New CPPP report shows that one in four Texas children lives in poverty

One in four Texas children lives in poverty, threatening their potential and the state's continued prosperity. According to State of Texas Children 2015, a new Center for Public Policy Priorities (CPPP) report released today, slight improvements in health care and school nutrition don't compensate for inadequate investments in education and child protection.

"Texas is consistently ranked one of the nation's worst states for children, but we can make our state the best place for kids if we enact smart public policies now," said Ann Beeson, Executive Director of CPPP. "With 1 in 11 U.S. kids living in Texas, the future of young Texans will determine the future of our country."

Key findings include:

  • One in four Texas children lives in poverty. For a family of four, that's less than $24,000 per year. The high child poverty rate combined with a relatively good parental employment rate means that many hard-working Texas parents aren't earning enough to provide adequately for their kids.
  • Despite modest gains for kids, Texas is ranked 49th for the percentage of children with health insurance (13 percent uninsured). Kids are more likely to be uninsured when their parents are uninsured, and Texas continues to have the highest rate of uninsured adults in the nation.
  • Nearly two million Texas kids live in households where access to nutritious food is limited and uncertain, threating children's health and ability to learn. Expanded school nutrition programs have successfully provided more meals to students, keeping kids healthier and helping them learn.

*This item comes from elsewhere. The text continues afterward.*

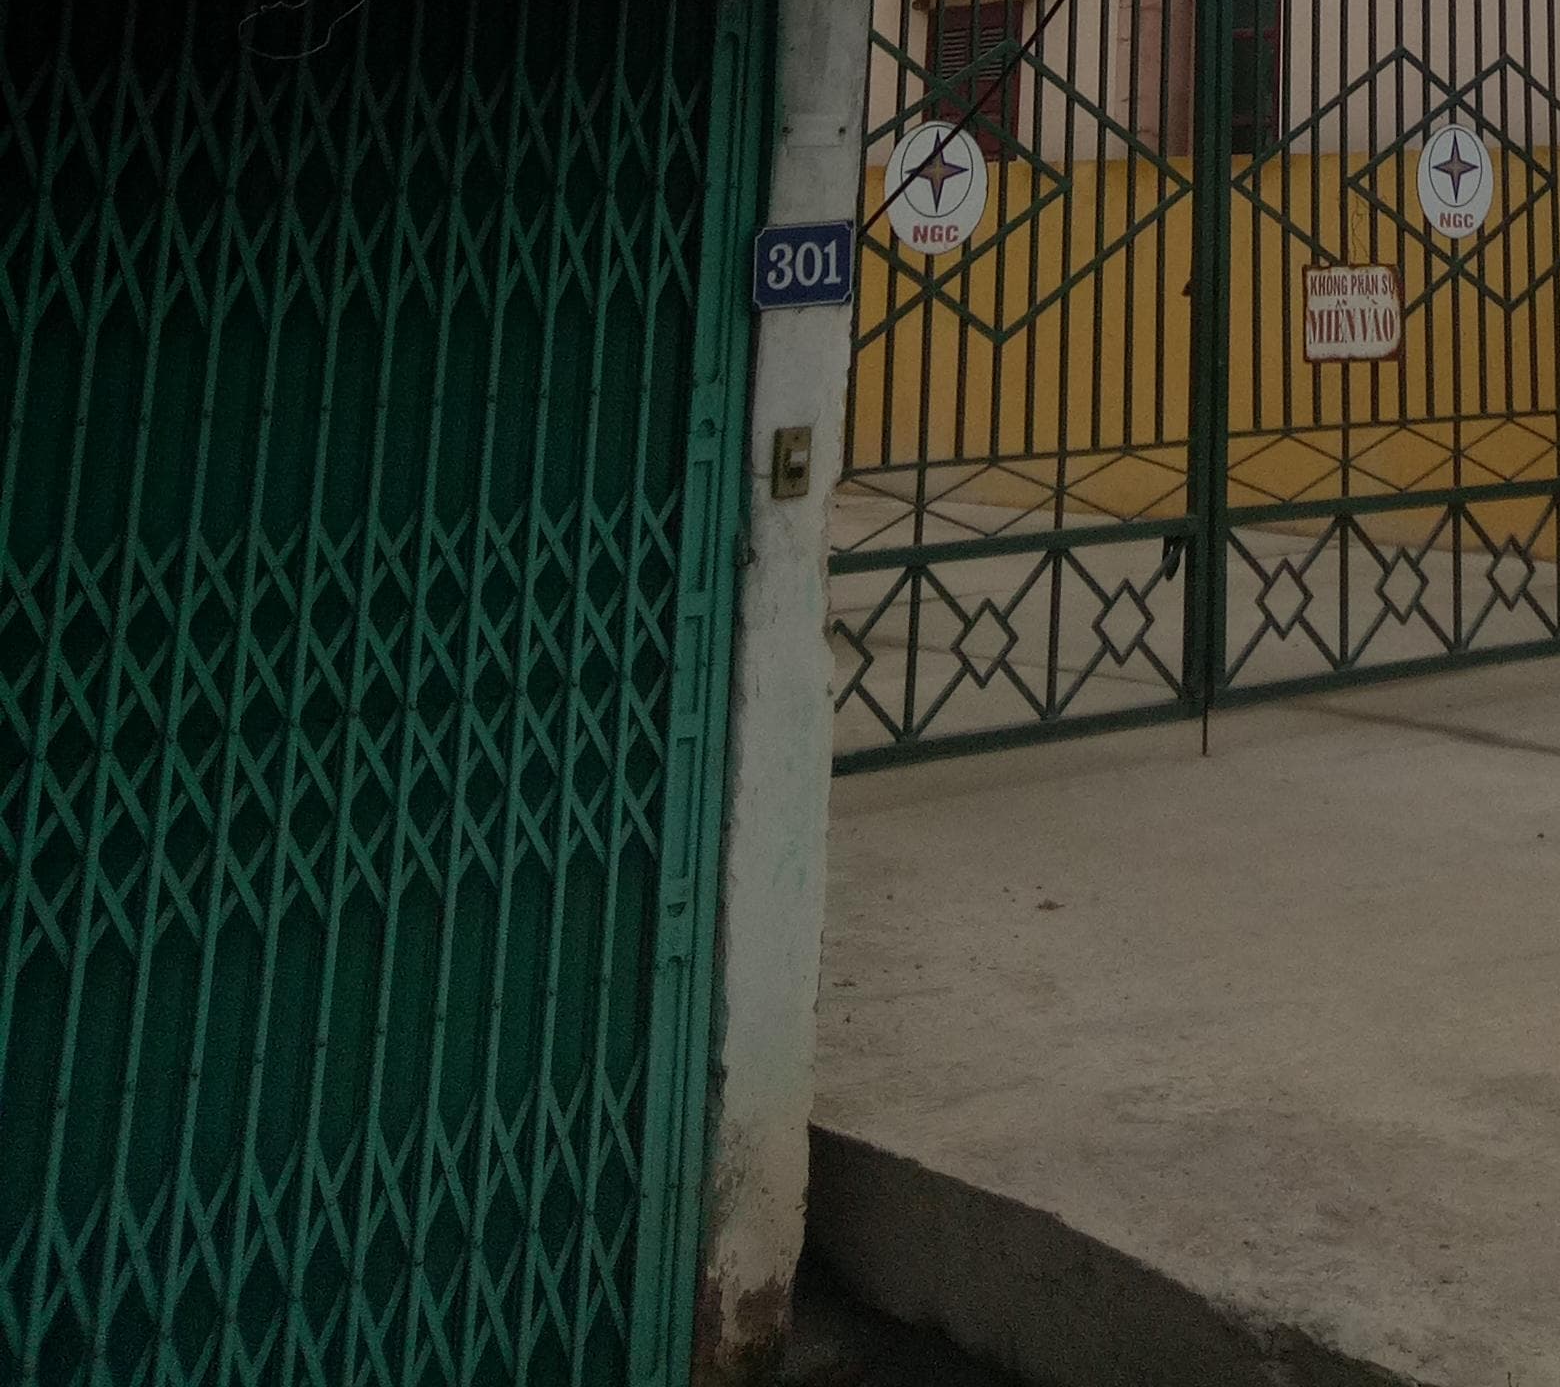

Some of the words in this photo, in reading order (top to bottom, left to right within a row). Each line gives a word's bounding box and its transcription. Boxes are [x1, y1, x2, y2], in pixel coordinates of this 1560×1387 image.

[1440, 213, 1474, 228] NGC
[912, 224, 960, 244] NGC
[767, 240, 842, 290] 301

Key policy recommendations:

  • Invest sufficiently in public education to meet student needs.
  • Expand Pre-K statewide to high quality, full-day programs for currently eligible students.
  • Close the Coverage Gap and expand health insurance coverage options for families.
  • Provide more support for informal kinship caregivers, and streamline the process for accessing kinship care benefits.
  • Raise the state minimum wage and change the state law that prohibits Texas cities from setting their own minimum wage.

Lawmakers have a tremendous opportunity this legislative session to adopt policy solutions that can help children and all Texans. From expanded early childhood education to health insurance coverage that protects children and families, policy solutions are available to lawmakers now that can improve the state for Texas children.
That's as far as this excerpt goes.